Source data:

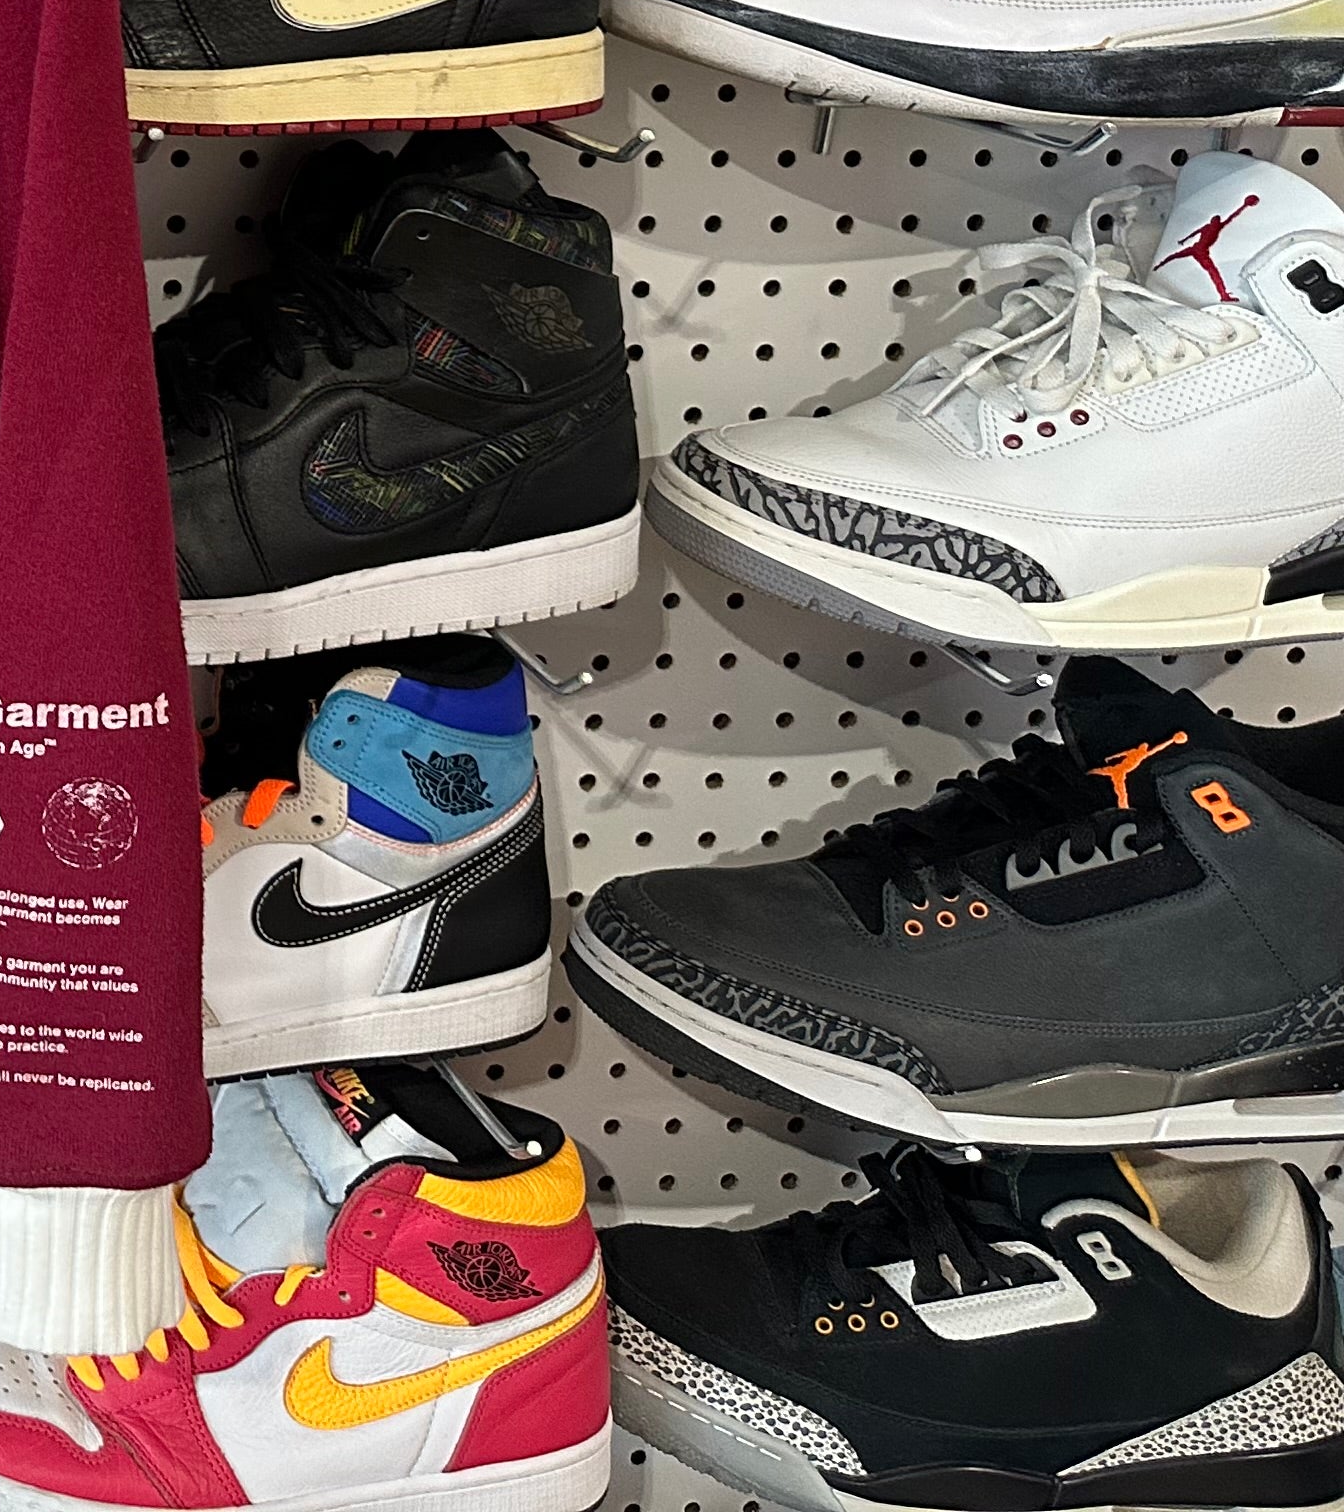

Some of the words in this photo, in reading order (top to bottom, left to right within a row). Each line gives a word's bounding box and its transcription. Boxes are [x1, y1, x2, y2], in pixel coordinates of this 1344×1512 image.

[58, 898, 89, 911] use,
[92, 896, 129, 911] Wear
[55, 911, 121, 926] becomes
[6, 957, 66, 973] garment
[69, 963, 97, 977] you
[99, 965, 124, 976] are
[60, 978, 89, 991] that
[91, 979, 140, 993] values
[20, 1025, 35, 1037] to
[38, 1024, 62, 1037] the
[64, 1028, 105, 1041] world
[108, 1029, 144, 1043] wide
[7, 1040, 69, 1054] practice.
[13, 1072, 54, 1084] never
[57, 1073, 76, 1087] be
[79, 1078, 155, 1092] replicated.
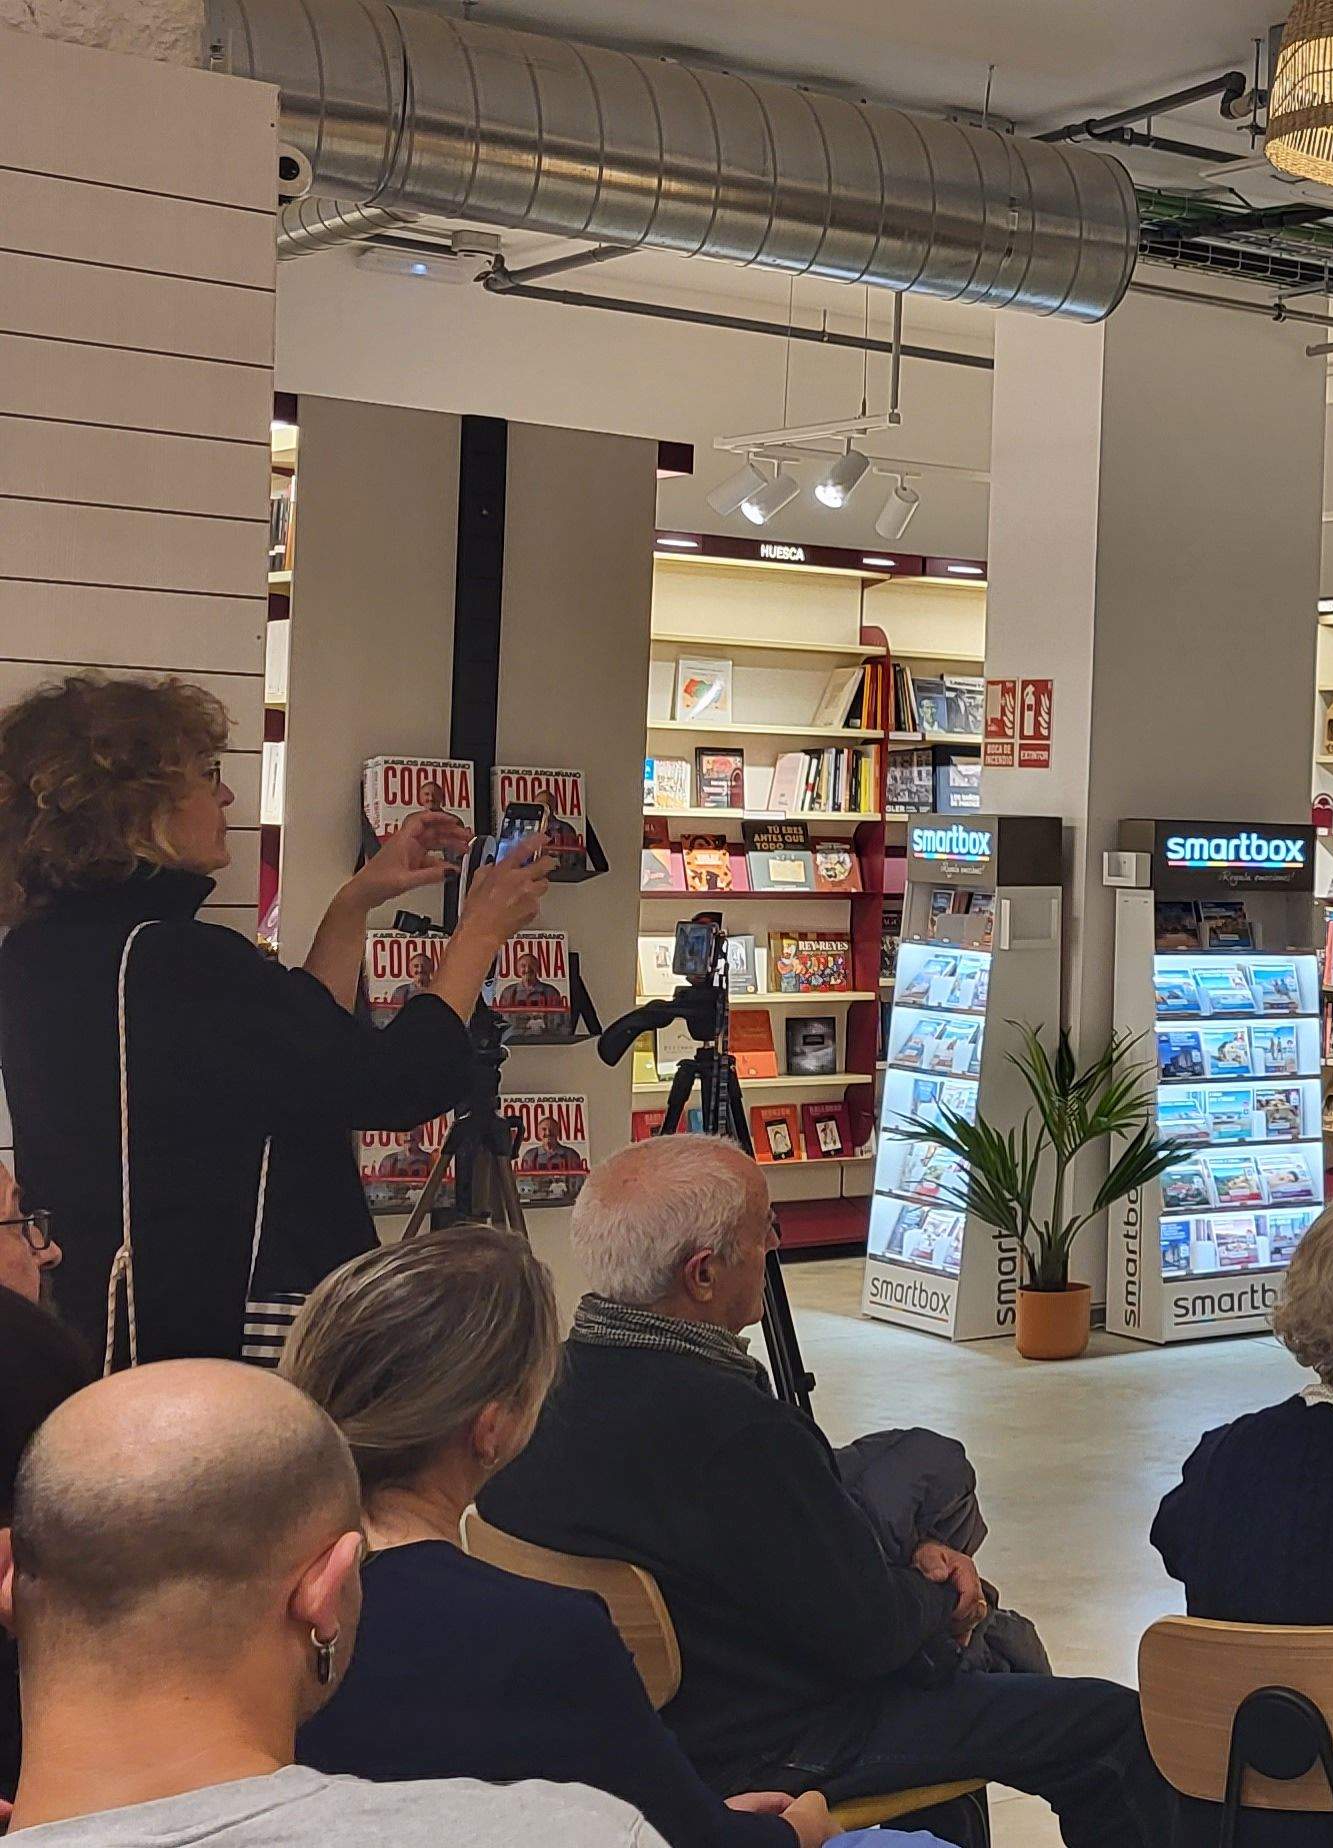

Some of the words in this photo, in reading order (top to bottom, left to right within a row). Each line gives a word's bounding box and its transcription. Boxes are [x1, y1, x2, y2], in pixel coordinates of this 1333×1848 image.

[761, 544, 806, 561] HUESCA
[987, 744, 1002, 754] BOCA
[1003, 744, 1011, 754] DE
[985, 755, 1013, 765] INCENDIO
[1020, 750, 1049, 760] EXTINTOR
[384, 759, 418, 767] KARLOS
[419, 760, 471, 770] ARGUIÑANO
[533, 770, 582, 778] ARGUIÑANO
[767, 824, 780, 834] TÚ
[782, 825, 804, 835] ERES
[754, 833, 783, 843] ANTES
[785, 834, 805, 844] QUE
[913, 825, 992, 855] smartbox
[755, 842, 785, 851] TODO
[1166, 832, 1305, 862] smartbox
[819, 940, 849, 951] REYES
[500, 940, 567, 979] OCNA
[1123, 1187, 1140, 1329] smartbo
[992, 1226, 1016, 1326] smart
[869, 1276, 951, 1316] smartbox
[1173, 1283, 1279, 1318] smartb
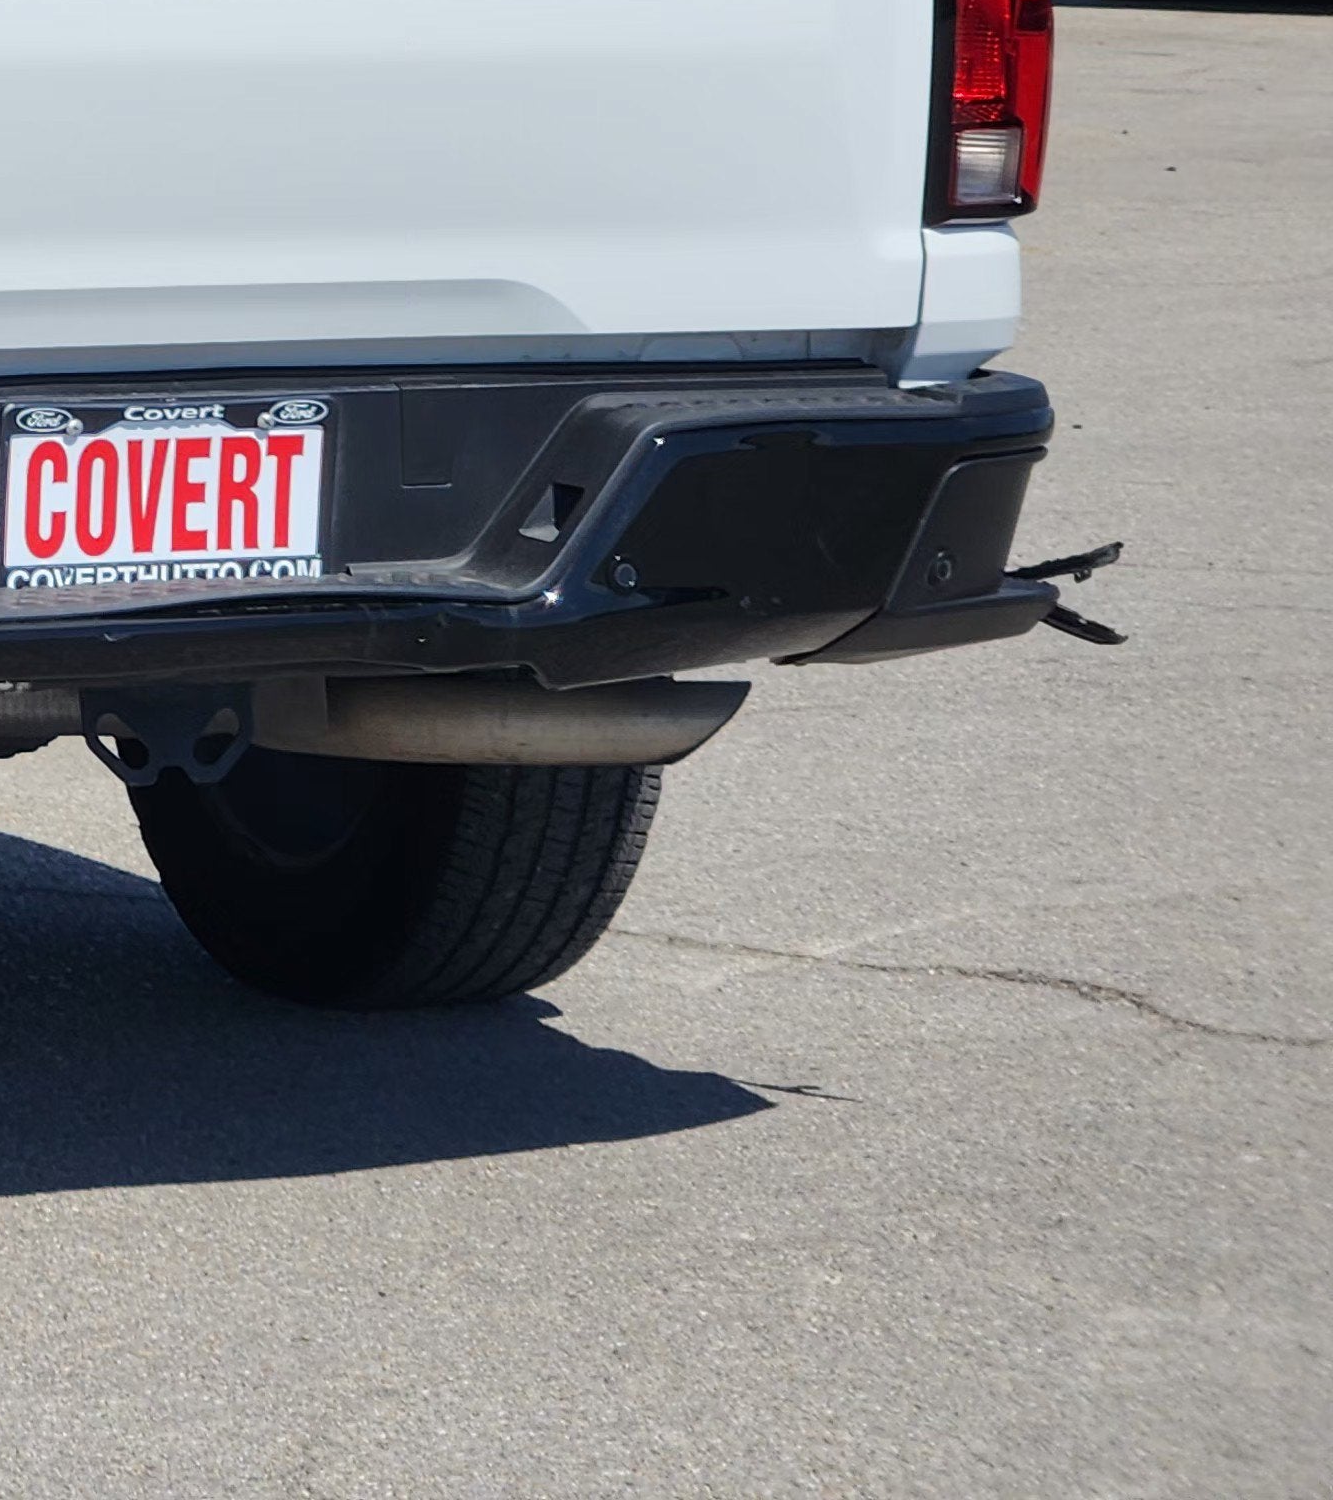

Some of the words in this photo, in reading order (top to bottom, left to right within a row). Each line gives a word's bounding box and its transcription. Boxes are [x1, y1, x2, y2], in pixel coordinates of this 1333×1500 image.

- [What the task requires]:
Could you copy all of the entries above exactly, without the pictures?

- [Result of the exercise]:
Some of the words in this photo, in reading order (top to bottom, left to right within a row). Each line gives a word's bounding box and its transcription. Boxes are [x1, y1, x2, y2], in pixel coordinates of this 1344×1512 image.

[58, 898, 89, 911] use,
[92, 896, 129, 911] Wear
[55, 911, 121, 926] becomes
[6, 957, 66, 973] garment
[69, 963, 97, 977] you
[99, 965, 124, 976] are
[60, 978, 89, 991] that
[91, 979, 140, 993] values
[20, 1025, 35, 1037] to
[38, 1024, 62, 1037] the
[64, 1028, 105, 1041] world
[108, 1029, 144, 1043] wide
[7, 1040, 69, 1054] practice.
[13, 1072, 54, 1084] never
[57, 1073, 76, 1087] be
[79, 1078, 155, 1092] replicated.

Some of the words in this photo, in reading order (top to bottom, left to right within a row). Each line gives a word's bounding box and its transcription. Boxes are [x1, y1, x2, y2], in pixel coordinates of this 1333×1848 image.

[761, 544, 806, 561] HUESCA
[987, 744, 1002, 754] BOCA
[1003, 744, 1011, 754] DE
[985, 755, 1013, 765] INCENDIO
[1020, 750, 1049, 760] EXTINTOR
[384, 759, 418, 767] KARLOS
[419, 760, 471, 770] ARGUIÑANO
[533, 770, 582, 778] ARGUIÑANO
[767, 824, 780, 834] TÚ
[782, 825, 804, 835] ERES
[754, 833, 783, 843] ANTES
[785, 834, 805, 844] QUE
[913, 825, 992, 855] smartbox
[755, 842, 785, 851] TODO
[1166, 832, 1305, 862] smartbox
[819, 940, 849, 951] REYES
[500, 940, 567, 979] OCNA
[1123, 1187, 1140, 1329] smartbo
[992, 1226, 1016, 1326] smart
[869, 1276, 951, 1316] smartbox
[1173, 1283, 1279, 1318] smartb

Some of the words in this photo, in reading order (top to bottom, left to right within a row). Each line gives a word's bounding box and its transcription. Boxes are [x1, y1, x2, y2], in pixel coordinates of this 1333×1500 image.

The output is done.